Analytics Vidhya
Published in

Analytics Vidhya

Azure Machine Learning : What I learned

Azure machine learning studio is a great place for data science experiments. We can create experiments using a visual designer or with code from IDE like Visual Studio Code and use Jupyter notebooks with programming languages like python and R. Let’s first see the lifecycle of any data science project:

There are 3 major lifecycle phase in datascience:

  • Data Acquisition and Understanding
  • Modeling
  • Deployment
  • Model Monitoring
Source : Course studies

Based on process requirements the options can be followed with the questions, what and how do we want to use? Following picture gives pretty much clear idea about how we would like to build, develop, deploy and consume the model.

Source : Microsoft

Let’s understand some of the concepts of Azure Machine Learning workspace.
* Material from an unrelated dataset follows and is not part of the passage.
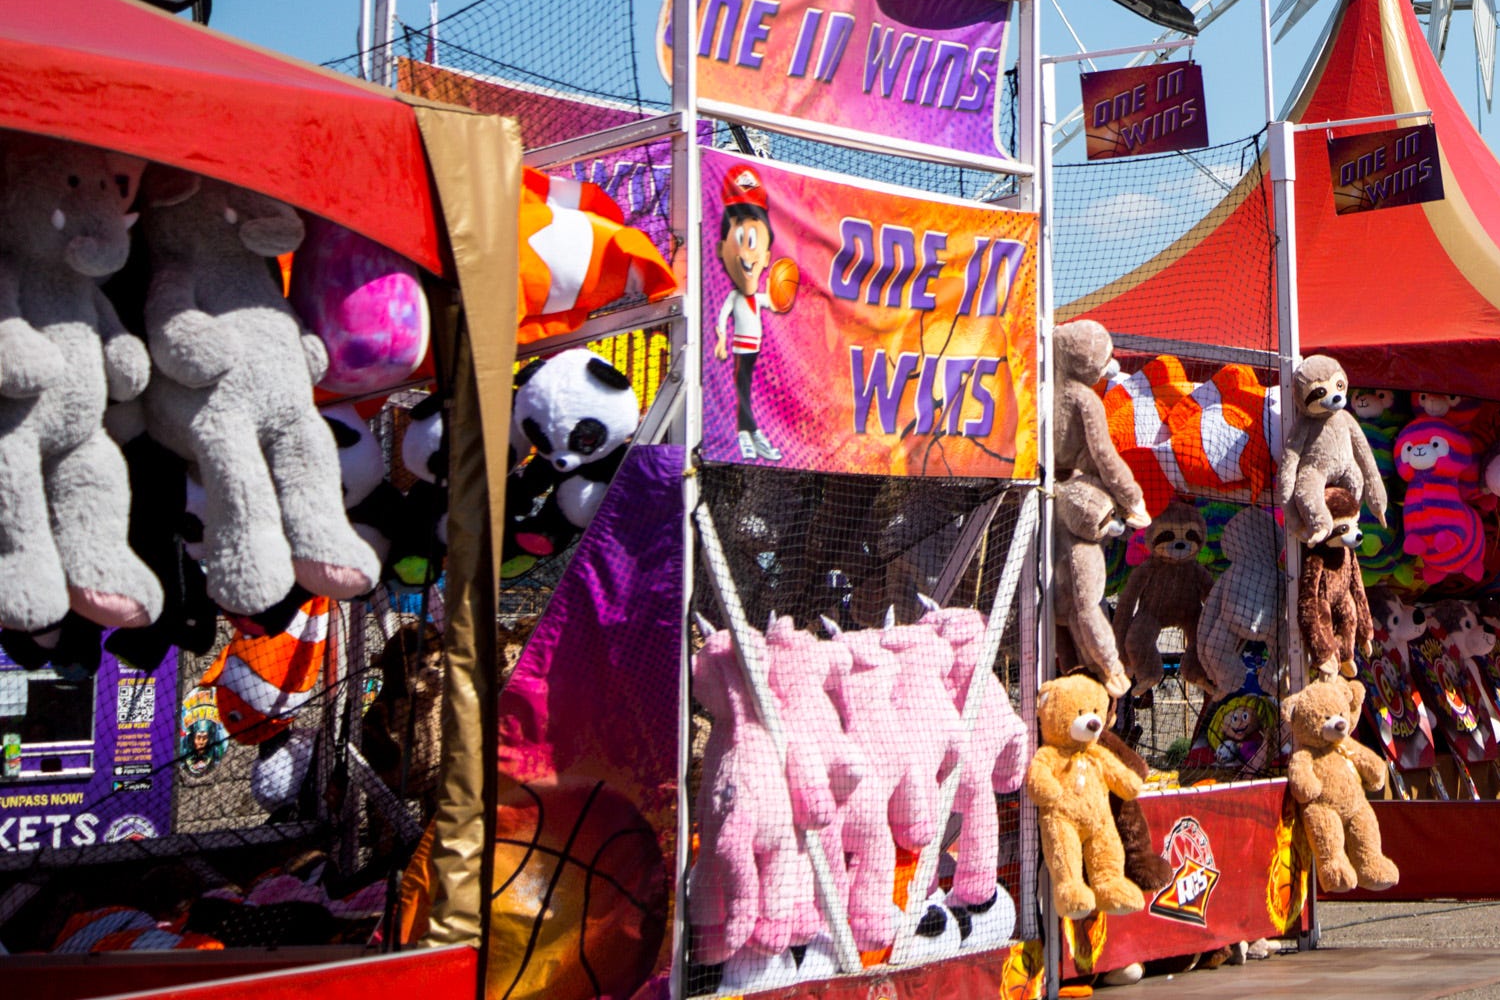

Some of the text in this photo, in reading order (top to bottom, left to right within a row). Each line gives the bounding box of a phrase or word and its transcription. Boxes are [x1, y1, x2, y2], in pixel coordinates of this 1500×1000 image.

[828, 216, 948, 311] ONE
[0, 792, 84, 808] UNPASS NOW!
[1175, 866, 1208, 906] RCS
Once we create Azure ML studio in Azure, we can navigate through various options:

Source : Microsoft
  • Datastores : Data stores are used to securely connect and provide abstraction layers for sources like (share, databases or storage) to be consumed by data-sets.
  • Datasets : Dataset reference Datastore for the use in experiments.
  • Compute : In managing Compute, we can create different compute target for running the ML experiments.
  • Assets : Assets are used to create, train, deploy, and monitor Machine Learning Algorithms.
  • Author : This section is used to create Notebooks, Experiments with Auto ML en visual designer

Creating an Experiments:

Once Datastore is created and dataset is referenced with datastore, it can be used imported to workspace to create experiments.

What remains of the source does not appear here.